A design education that leaves a lot to be desired

I’m still reeling from a conversation I overheard in London’s Royal Festival Hall last night and have to vent.

I was wrestling with a concept when, from the table behind me, I heard two young girls talking. I heard ‘I spoke to the printer’, and my ears pricked up. They were putting together some kind of exhibition brochure or flyer and one was relating the results of the meeting to the other. Little nuggets like, ‘We’ll do this in the three-process colours’, ‘What size does type start to get, you know, a bit fuzzy?’, and ‘Won’t we have all those dot things to worry about if we do the type in process colours?’

I assumed these were first-year or even foundation students trying their hand at a ‘live’ job, but when one asked the other if she had her results yet I sprayed my Chardonnay all over my sketchbook when I heard, ‘Yes, I got a first.’ ‘A first class BA in graphic design.’

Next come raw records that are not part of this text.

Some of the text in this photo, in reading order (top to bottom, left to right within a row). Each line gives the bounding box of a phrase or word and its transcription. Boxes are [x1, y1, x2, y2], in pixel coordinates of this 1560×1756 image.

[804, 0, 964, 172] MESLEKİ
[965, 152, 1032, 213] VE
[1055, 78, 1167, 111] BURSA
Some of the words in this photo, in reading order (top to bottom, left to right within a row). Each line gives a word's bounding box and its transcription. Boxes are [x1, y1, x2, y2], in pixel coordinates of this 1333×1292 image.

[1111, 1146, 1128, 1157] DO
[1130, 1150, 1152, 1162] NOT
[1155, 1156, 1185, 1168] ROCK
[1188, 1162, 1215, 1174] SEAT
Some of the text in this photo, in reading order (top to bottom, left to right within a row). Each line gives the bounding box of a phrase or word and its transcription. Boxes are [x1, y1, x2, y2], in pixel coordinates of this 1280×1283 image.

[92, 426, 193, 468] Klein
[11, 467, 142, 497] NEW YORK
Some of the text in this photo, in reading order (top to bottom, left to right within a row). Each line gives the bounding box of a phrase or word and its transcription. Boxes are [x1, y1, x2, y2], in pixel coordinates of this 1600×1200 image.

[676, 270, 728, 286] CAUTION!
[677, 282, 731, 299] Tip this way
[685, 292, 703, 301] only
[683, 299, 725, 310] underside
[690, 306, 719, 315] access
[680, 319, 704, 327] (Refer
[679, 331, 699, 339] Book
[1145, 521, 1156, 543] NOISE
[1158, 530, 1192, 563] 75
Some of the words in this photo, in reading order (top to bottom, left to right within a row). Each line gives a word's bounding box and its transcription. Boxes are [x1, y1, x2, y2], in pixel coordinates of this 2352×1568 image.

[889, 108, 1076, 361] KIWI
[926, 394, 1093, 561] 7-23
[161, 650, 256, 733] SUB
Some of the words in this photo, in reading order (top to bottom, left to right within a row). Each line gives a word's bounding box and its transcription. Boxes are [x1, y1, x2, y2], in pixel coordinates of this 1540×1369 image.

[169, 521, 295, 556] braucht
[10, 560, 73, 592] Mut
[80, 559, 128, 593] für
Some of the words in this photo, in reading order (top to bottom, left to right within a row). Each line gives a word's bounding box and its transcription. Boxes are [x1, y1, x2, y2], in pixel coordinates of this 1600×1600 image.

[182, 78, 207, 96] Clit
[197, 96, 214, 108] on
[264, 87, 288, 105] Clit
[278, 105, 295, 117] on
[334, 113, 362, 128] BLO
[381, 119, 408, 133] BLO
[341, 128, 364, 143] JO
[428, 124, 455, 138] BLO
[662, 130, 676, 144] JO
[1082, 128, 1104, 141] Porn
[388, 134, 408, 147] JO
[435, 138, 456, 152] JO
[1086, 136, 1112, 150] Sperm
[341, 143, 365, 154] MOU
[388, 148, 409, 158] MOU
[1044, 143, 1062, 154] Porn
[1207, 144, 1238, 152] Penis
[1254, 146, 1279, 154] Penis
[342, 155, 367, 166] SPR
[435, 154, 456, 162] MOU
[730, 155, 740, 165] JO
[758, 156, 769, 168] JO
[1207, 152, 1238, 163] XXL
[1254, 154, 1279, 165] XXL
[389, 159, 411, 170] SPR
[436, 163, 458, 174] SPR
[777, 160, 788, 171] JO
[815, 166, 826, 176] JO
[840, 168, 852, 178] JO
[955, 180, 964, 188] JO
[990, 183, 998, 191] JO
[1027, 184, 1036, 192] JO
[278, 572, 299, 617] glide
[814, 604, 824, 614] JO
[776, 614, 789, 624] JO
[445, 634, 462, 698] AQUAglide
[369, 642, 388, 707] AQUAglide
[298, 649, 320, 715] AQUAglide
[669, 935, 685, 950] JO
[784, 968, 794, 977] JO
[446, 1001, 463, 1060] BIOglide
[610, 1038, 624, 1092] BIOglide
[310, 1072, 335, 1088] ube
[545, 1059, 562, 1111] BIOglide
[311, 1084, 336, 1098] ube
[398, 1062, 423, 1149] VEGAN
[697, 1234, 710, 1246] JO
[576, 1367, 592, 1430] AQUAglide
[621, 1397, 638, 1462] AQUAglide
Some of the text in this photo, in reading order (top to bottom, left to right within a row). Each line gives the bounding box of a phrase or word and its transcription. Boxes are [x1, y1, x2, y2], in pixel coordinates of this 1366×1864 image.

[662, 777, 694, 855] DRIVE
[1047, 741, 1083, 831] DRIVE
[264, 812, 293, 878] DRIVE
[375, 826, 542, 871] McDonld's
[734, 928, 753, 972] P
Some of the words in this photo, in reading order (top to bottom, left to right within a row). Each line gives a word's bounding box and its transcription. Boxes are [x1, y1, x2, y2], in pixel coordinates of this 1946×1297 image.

They were joined by their ‘clients’ and, from then on, the comedy came thick and fast. When asked about type, the first girl said she was

using Helvetica because it looked good with the serif. When the client asked what the difference was, she said, ‘Erm, they’re just different.’ On copy-fitting, they talked about ‘doing some words and then we can count them out’.

Their ignorance of even the basics was terrifying.

I’ve been in the business for 27 years and lecturing for almost 20 and I’ve never come across such ignorance. I don’t know which college she went to, but I wish I’d asked so I could name and shame. The teaching staff and external assessors on that course should be shot.